Sugar Rush Recaps: S1E4/5

by thethreepennyguignol

And we’re back! Sorry for the long break – between Riverdale and Game of Thrones and trying not to sink into a pit of anxiety, I haven’t had time to check in with my favourite lesbian anti-hero recently. But we’re back, with an action-packed two-parter that’s just confirming everything I already thought about The Rise of marriage-endin’, STD-catchin’, mis-translatin’ Krim.

The first episode in this double-hander is probably one of the most outrightly funny the show has done to date – Kim manages to catch crabs after platonically sharing a bed with Sugar, and then passes them on to her mother, who gives them to her father, who finally figures out that Stella is cheating on him. Now, not only does this episode feature the most deliciously prodigious use of Rock Lobster (a banging jam, in case you weren’t aware). The camera smash-cuts in with horror-movie sound effects on people scratching their crotches, while Stella and Kim waddle around covered in lotion to bleach their clothes without being caught. Sugar Rush is Deeply Into the consequences of sex (to be fair, this was a post-Buffy era, when sex and sexuality was basically allowed to exist on TV as long as people got lightly punished for it), and this is probably the cleverest way they’ve used it to unfold a plot point.
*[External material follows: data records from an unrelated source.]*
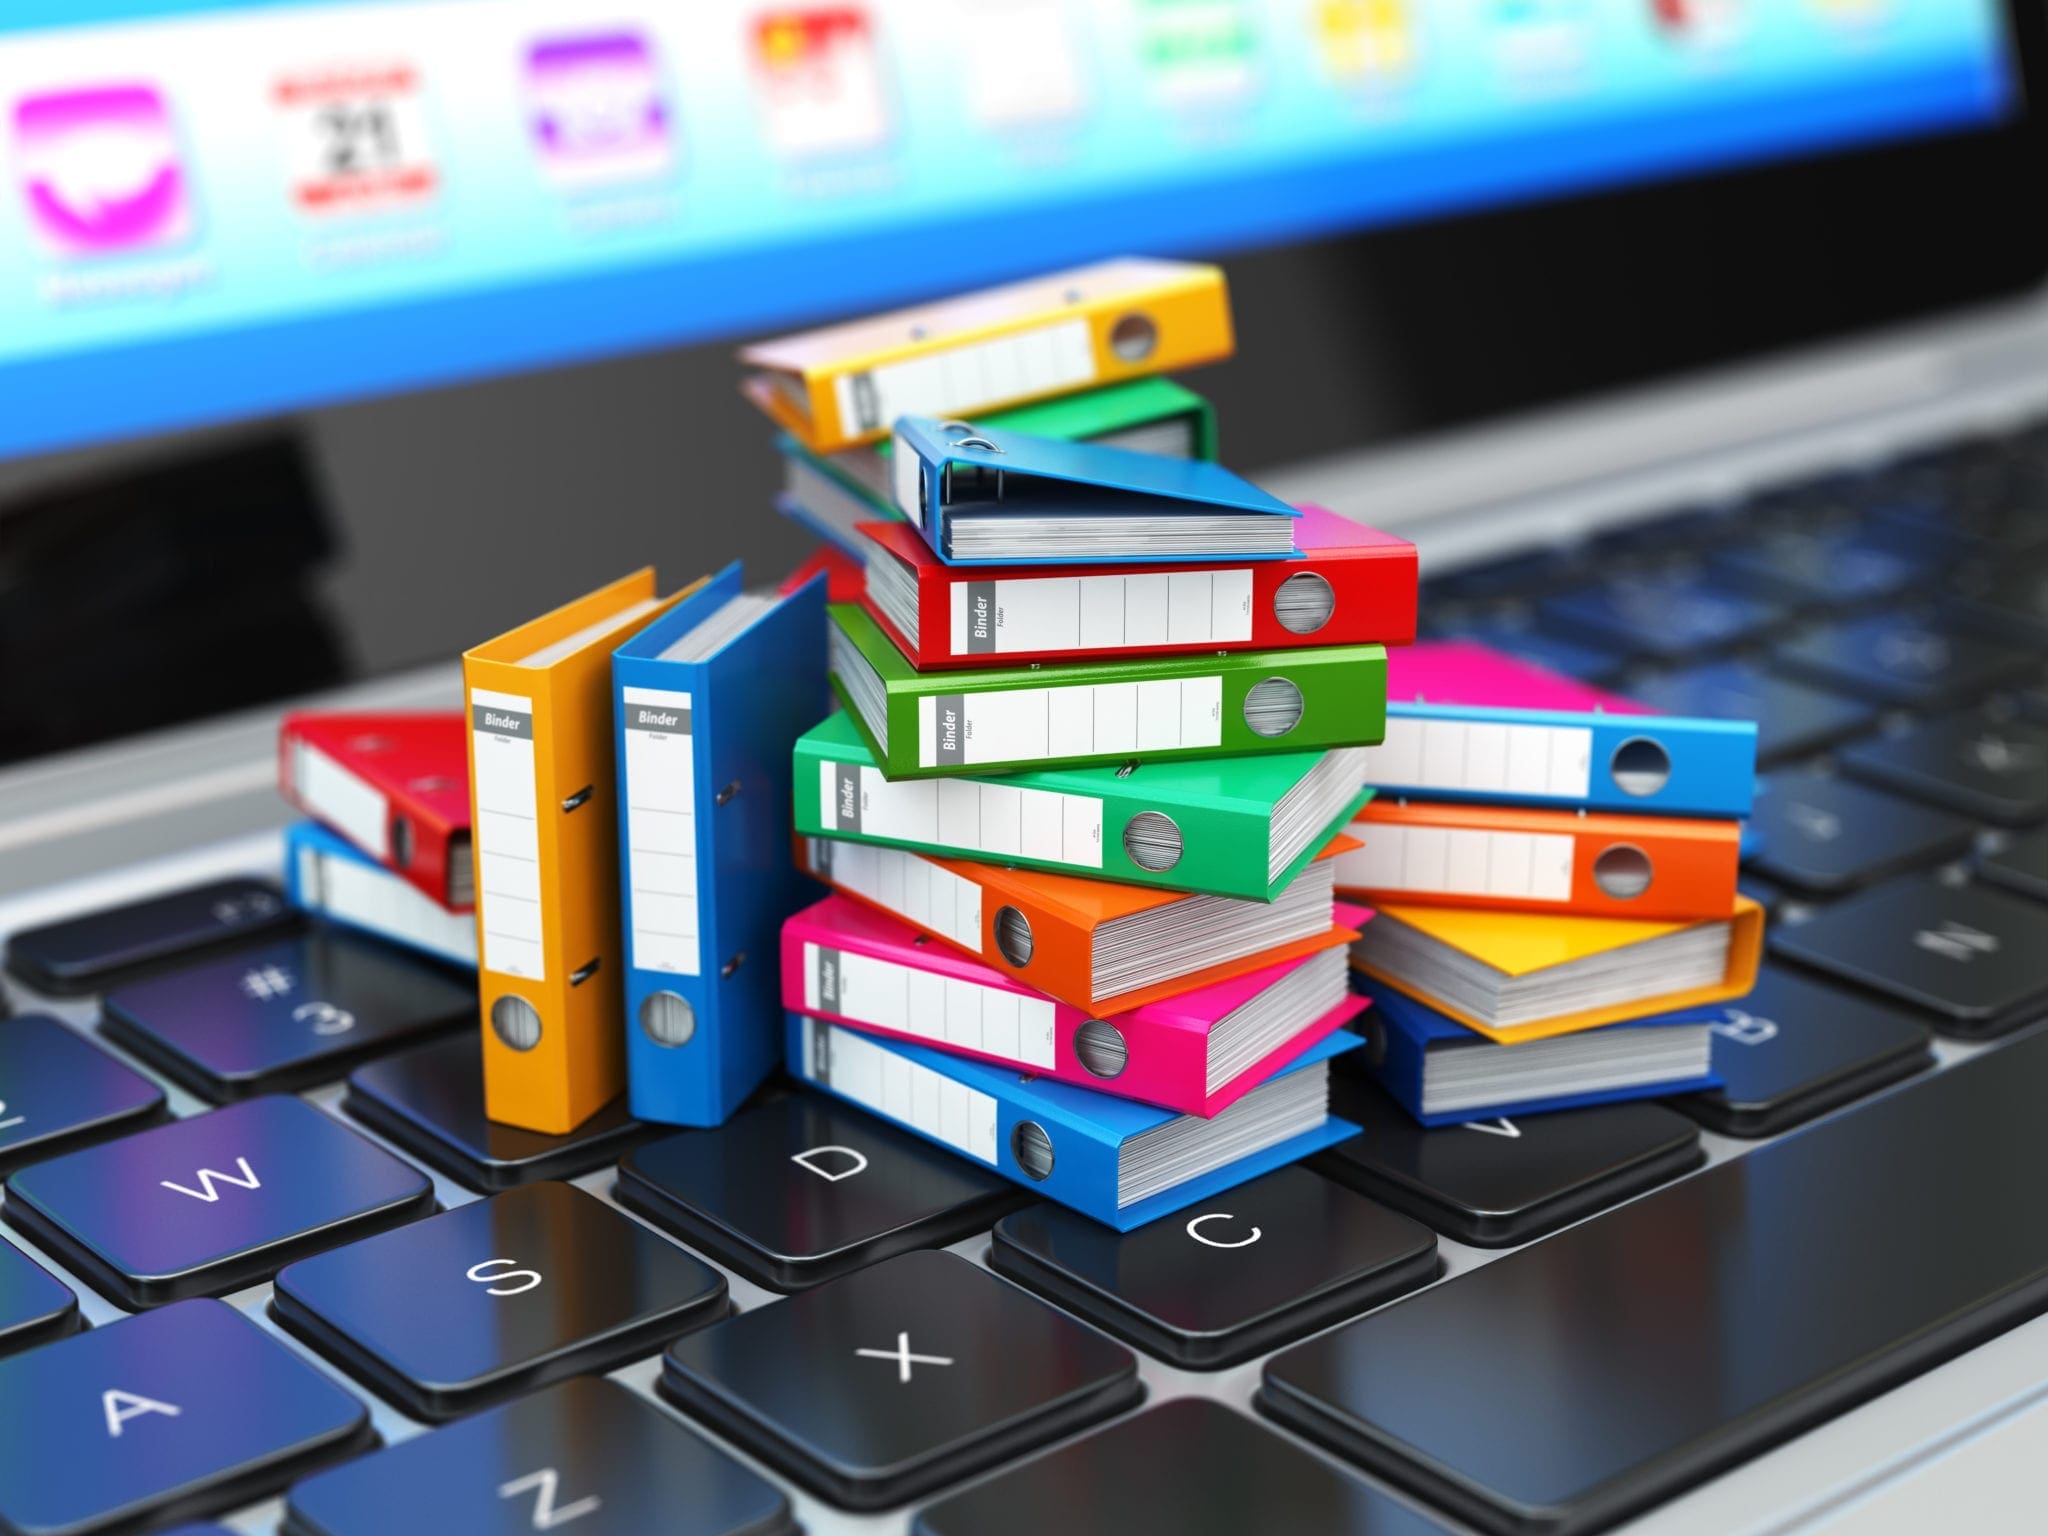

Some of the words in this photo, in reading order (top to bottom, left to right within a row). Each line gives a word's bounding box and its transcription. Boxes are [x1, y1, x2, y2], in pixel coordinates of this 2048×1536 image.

[973, 596, 987, 638] Binder
[484, 712, 520, 730] Binder
[638, 710, 678, 726] Binder
[942, 709, 956, 750] Binder
[840, 777, 854, 818] Binder
[291, 1000, 356, 1036] 3
[160, 1157, 261, 1203] W
[790, 1145, 868, 1182] D
[1186, 1213, 1262, 1248] C
[466, 1257, 542, 1297] S
[854, 1331, 954, 1383] X
[101, 1388, 181, 1438] A
[498, 1467, 601, 1530] Z
But I think what really stood out to me is the way it turned those last five minutes into something dead serious – Kim comforts her brother in the dark on the bed as they listen to their parents teasing out the truth of her infidelity downstairs, and what little grip Kim has had on stability in her home life is over. Sugar Rush, when it wants to, can make the serious stuff stick – a lot of that is down to the solid performances of Kim’s family (including her little brother who I’m going to raise by child to be, probably), but there’s been serious work in building up why Kim craves the normalcy of a standard home life, and why her mother’s affair has ruined that for good.
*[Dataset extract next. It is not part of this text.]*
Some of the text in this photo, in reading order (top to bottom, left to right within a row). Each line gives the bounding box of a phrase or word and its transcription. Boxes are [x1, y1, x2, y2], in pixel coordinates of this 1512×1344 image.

Last time I did these recaps, we saw the birth of Krim – that is, the version of Kim who was strongly considering date-raping her best friend in order to get what she needed from her. And I started to wonder if maybe Sugar Rush was actually a starting point for my understanding of the female anti-hero; and yeah, the second of these episodes backs up that theory. In this outing, Sugar has fallen for Guillame – the fact that she is basically in love with this guy who she has never really spoken to, of course, is down to the fact that he’s the first person ever to make her orgasm, which is punishing in it’s accurate depiction of what being a teenage girl is like when it comes to any man knowing where a clitoris is. Only problem is, Guillame is a French-speaking student who she cannot communicate with her unless French-fluent Kim is present.

And now, this is an entire episode about Kim forced to play between two sides – her mother and father round off this thematic throughline, as Nathan kicks Stella out of the house, and both of them communicate via Kim to gauge the state of their relationship. When it comes to her parents, the lies Kim shares with them are meant to protect them from an ugly truth, But when it comes to the lies she tells Sugar…yeesh.

With complete control over the communication between the couple, Kim attempts to break them up to get Sugar to spend more time with her, and, failing that, lies to Guillame about Sugar’s enjoyment of his fuckability, rounding off a mighty three-hander of shittiness by inventing a story about how he enjoys watching women kiss so that Sugar will snog Kim for the very first time. This is framed in wild, rotating slow-motion repeated shots that last most of a full minute, and I think I’m meant to see it as a gorgeous realization of Kim’s deepest-held fantasies – but she’s got there by repeatedly lying and misleading the woman she claims to love, and it just makes me a little squicked-out

And in fact, Kim doesn’t even seem to like Sugar very much in this two-parter. When she discovers that Sugar has crabs, she’s visibly disgusted, though “not surprised” given “how Sugar is” with men. Kim wants to fuck Sugar, sure, and she does turn for her for emotional support when her parents’ marriage finally gives up the ghost (for now, anyway – Nathan is on the market, ladies, form an orderly queue behind me directly), but she also seems deeply and poisonously resentful of Sugar having a sex life that doesn’t involve Kim, even though Kim has never made her interest in her clear.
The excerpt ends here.